Three Poet/Clinicians Discuss the Relationship Between Poetry and Clinical Care
Bainbridge Island Poet Laureate Michele Bombardier is once again thinking outside the poetry box, offering up a unique program that combines poetry and clinic care.
The free event, entitled “Poetry, Compassion, and Healing: Three Poet/Clinicians Discuss the Relationship Between Poetry and Clinical Care,” will be held Sunday, October 22, from 3 p.m. – 4 p.m. at the Bainbridge Public Library, 1270 Madison Ave N.
The line-up of presenters includes: Jed Myers, a psychiatrist with a therapy practice and Clinical Professor at the University of Washington. His third poetry collection, Learning to Hold, is forthcoming from Wandering Aengus Press. His poems have appeared in Rattle, The Poetry Review, RHINO, The Greensboro Review, and elsewhere. Myers lives in Seattle, where he’s Editor of Bracken.
Risa Denenberg lives in Sequim where she works as a nurse practitioner. She is a co-founder of Headmistress Press; curator at The Poetry Café Online; and Reviews Editor for River Mouth Review. She has published eight poetry collections, most recently, Rain/Dweller (MoonPath Press, 2023) and is working on a memoir-in-progress: Mother, Interrupted.
Michele Bombardier is the author of “What We Do,” a Washington Book Award finalist. She worked as a speech-language pathologist in hospitals and her own clinic for thirty years before returning to graduate school and earning her Master of Fine Arts in poetry. She has been published in over 100 literary journals and anthologies, including JAMA, Parabola, Crab Creek Review, and others. Michele is a Hedgebrook fellow, the founder of Fishplate Poetry, and the inaugural poet laureate of Bainbridge Island.

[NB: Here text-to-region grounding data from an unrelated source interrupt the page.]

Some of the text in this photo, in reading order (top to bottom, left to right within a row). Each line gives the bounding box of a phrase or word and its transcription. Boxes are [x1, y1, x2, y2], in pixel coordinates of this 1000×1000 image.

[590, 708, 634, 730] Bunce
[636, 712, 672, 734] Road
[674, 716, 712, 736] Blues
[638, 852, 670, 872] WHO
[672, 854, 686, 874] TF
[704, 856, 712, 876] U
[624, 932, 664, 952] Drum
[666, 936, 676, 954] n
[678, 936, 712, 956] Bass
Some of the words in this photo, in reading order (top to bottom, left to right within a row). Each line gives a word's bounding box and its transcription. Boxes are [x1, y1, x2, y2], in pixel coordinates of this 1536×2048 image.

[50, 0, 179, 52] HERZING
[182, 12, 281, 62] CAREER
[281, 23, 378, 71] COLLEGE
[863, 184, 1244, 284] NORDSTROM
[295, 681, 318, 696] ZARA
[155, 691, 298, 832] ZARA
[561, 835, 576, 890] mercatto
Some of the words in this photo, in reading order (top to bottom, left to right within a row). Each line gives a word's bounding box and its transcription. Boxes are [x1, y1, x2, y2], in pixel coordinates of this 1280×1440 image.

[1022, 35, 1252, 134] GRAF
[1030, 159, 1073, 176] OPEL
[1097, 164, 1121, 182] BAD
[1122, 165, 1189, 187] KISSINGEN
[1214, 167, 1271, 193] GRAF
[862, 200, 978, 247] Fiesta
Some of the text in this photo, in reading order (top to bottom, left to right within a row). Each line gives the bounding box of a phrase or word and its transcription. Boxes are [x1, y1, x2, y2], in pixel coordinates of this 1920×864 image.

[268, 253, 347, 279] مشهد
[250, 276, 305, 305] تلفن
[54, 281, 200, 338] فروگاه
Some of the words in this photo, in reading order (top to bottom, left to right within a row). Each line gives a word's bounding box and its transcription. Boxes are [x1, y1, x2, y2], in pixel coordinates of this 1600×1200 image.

She has been the island’s first-ever Poet Laureate for just over a year. After her confirmation from Arts & Humanities Bainbridge and the City of Bainbridge Island, she said, in part, “I look forward to organizing events such as workshops and open mics as well as bringing regional and national poets to Bainbridge for readings. We have such a vibrant arts community here and I’m glad that poetry is welcome at the table. My hope is that this position will provide opportunities for everyone in our community to experience poetry in new ways.”